*PROMPT:*
Print every record exactly as it appears. Leave the pictures out.

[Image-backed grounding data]
»»

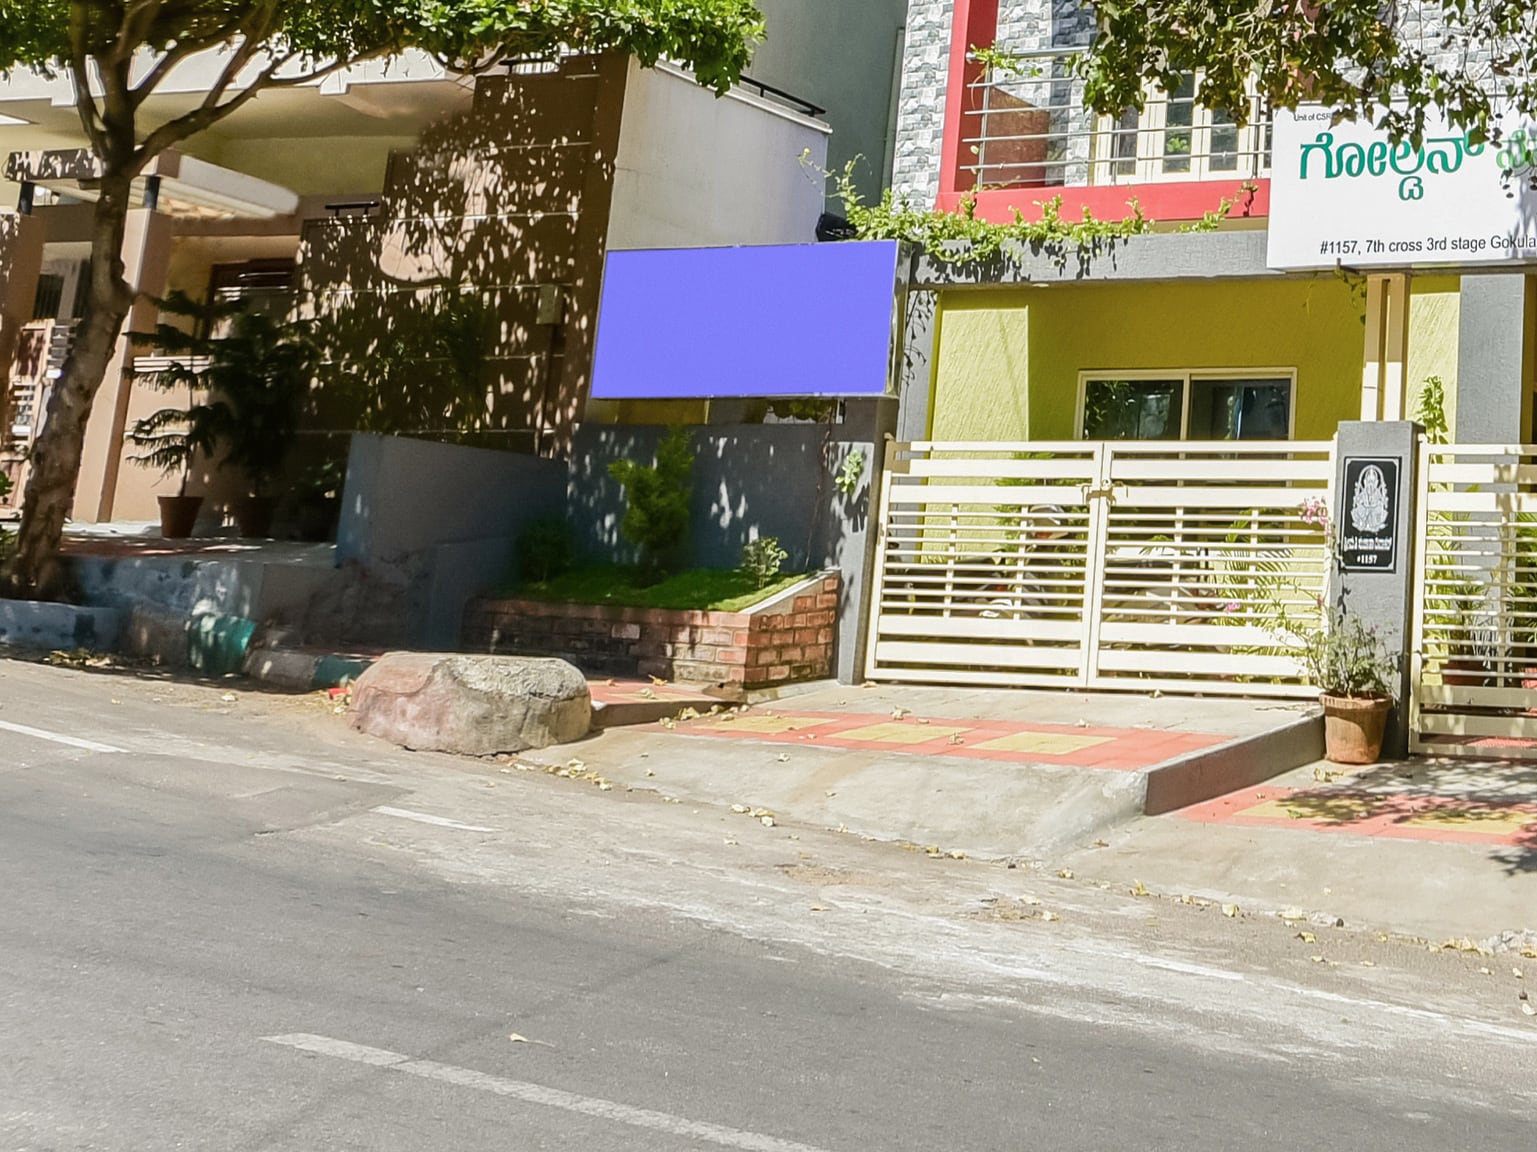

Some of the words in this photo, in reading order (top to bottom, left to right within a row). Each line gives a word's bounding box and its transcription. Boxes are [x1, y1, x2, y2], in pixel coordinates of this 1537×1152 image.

[1308, 112, 1315, 121] of
[1319, 239, 1361, 256] #1157,
[1366, 238, 1385, 254] 7th
[1388, 239, 1423, 253] cross
[1426, 237, 1447, 251] 3rd
[1451, 235, 1486, 253] stage
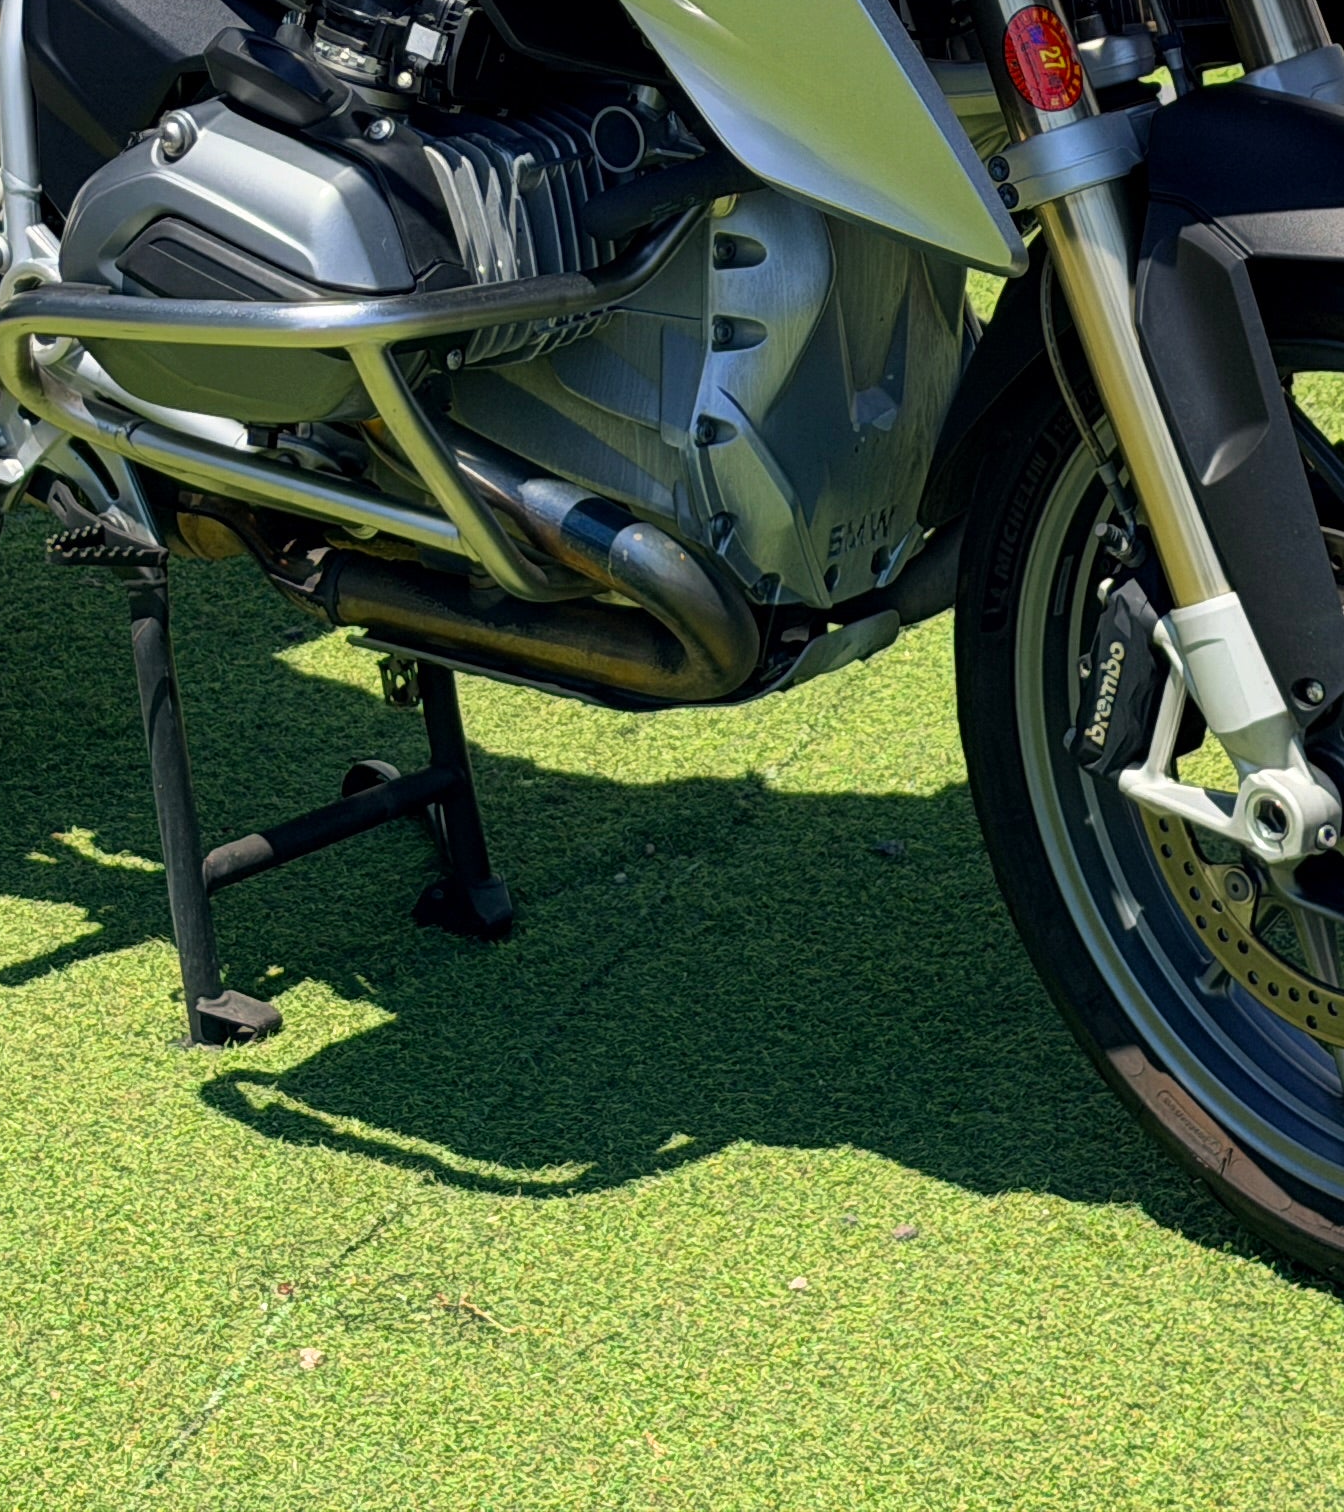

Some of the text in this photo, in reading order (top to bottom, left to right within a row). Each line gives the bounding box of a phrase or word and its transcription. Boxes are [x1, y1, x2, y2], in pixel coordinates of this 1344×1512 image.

[1039, 46, 1066, 69] 27
[827, 505, 897, 559] BMW
[1084, 641, 1125, 746] brembo
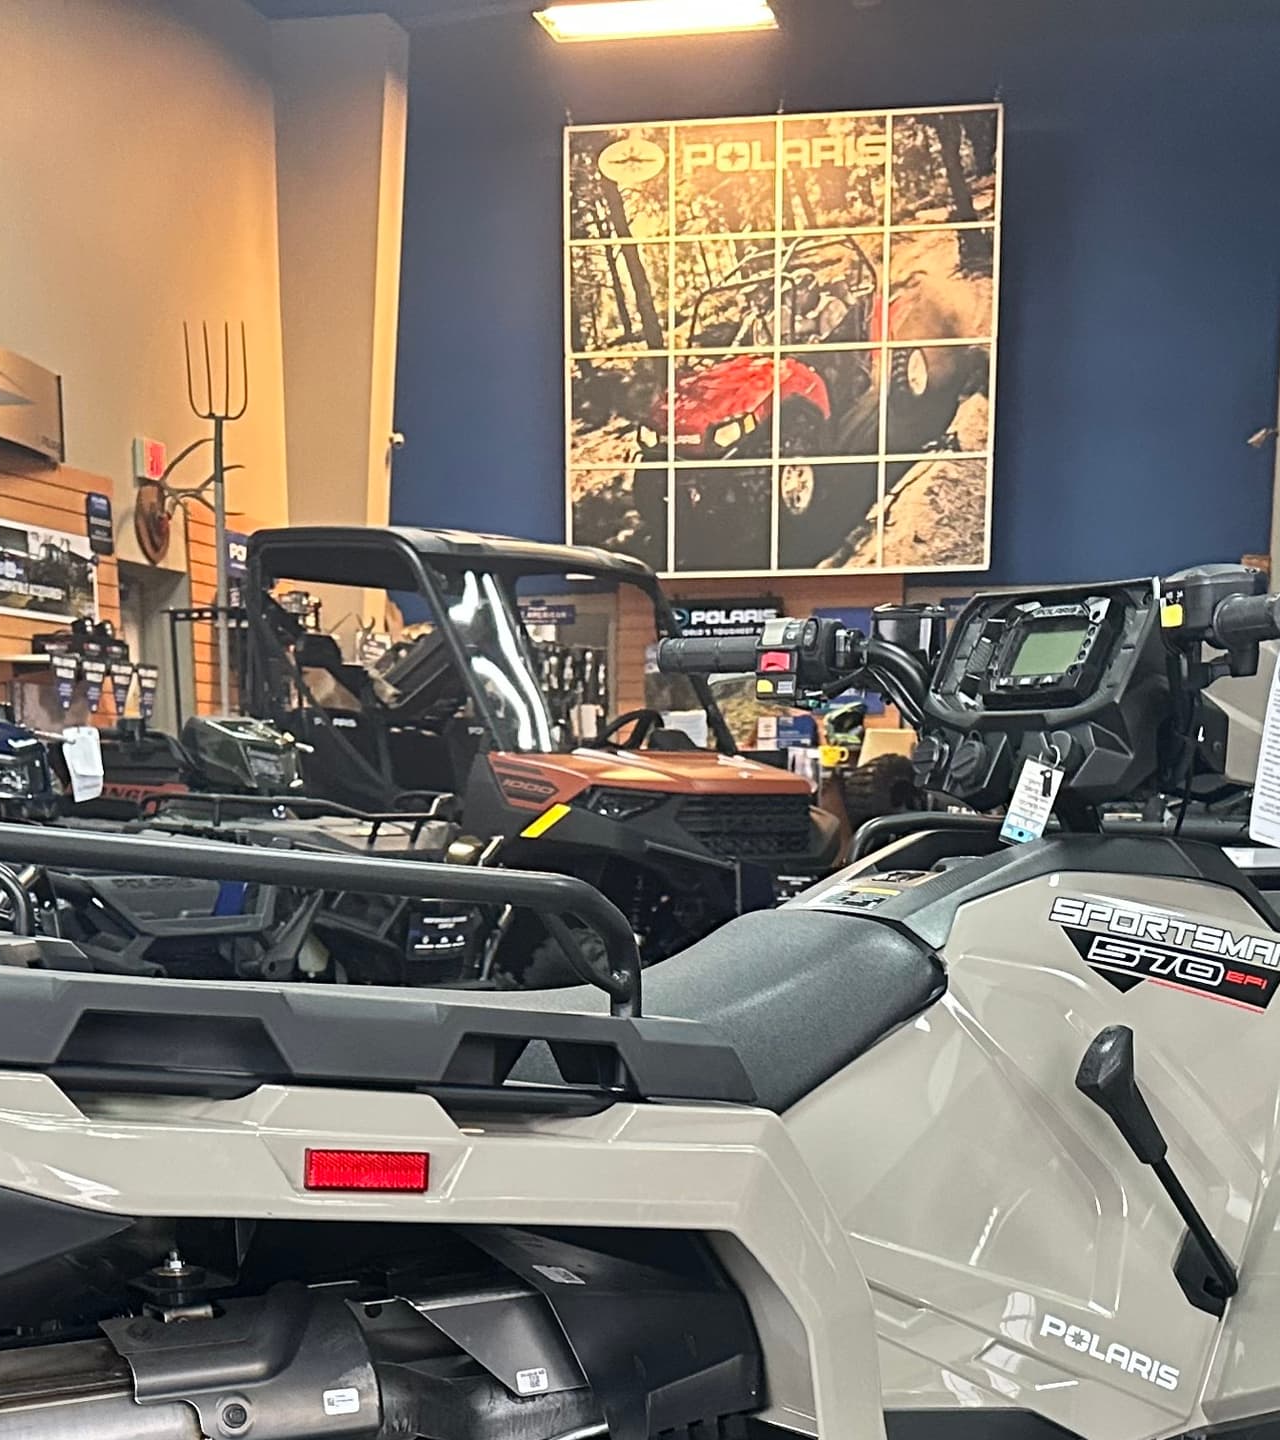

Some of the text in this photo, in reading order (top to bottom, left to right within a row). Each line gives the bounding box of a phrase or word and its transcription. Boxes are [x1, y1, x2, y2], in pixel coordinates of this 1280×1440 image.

[683, 134, 887, 174] POLARIS
[690, 608, 778, 625] POLARIS
[502, 778, 556, 795] 1000
[1087, 935, 1269, 990] 570 EFI
[1039, 1313, 1180, 1391] POLARIS

««

*ANSWER FOR THE TASK:*
Some of the words in this photo, in reading order (top to bottom, left to right within a row). Each line gives a word's bounding box and its transcription. Boxes are [x1, y1, x2, y2], in pixel coordinates of this 1537×1152 image.

[1308, 112, 1315, 121] of
[1319, 239, 1361, 256] #1157,
[1366, 238, 1385, 254] 7th
[1388, 239, 1423, 253] cross
[1426, 237, 1447, 251] 3rd
[1451, 235, 1486, 253] stage

Some of the text in this photo, in reading order (top to bottom, left to right within a row). Each line gives the bounding box of a phrase or word and its transcription. Boxes are [x1, y1, x2, y2], in pixel coordinates of this 1344×1512 image.

[1039, 46, 1066, 69] 27
[827, 505, 897, 559] BMW
[1084, 641, 1125, 746] brembo

Some of the text in this photo, in reading order (top to bottom, left to right within a row). Each line gives the bounding box of a phrase or word and its transcription. Boxes are [x1, y1, x2, y2], in pixel coordinates of this 1280×1440 image.

[683, 134, 887, 174] POLARIS
[690, 608, 778, 625] POLARIS
[502, 778, 556, 795] 1000
[1087, 935, 1269, 990] 570 EFI
[1039, 1313, 1180, 1391] POLARIS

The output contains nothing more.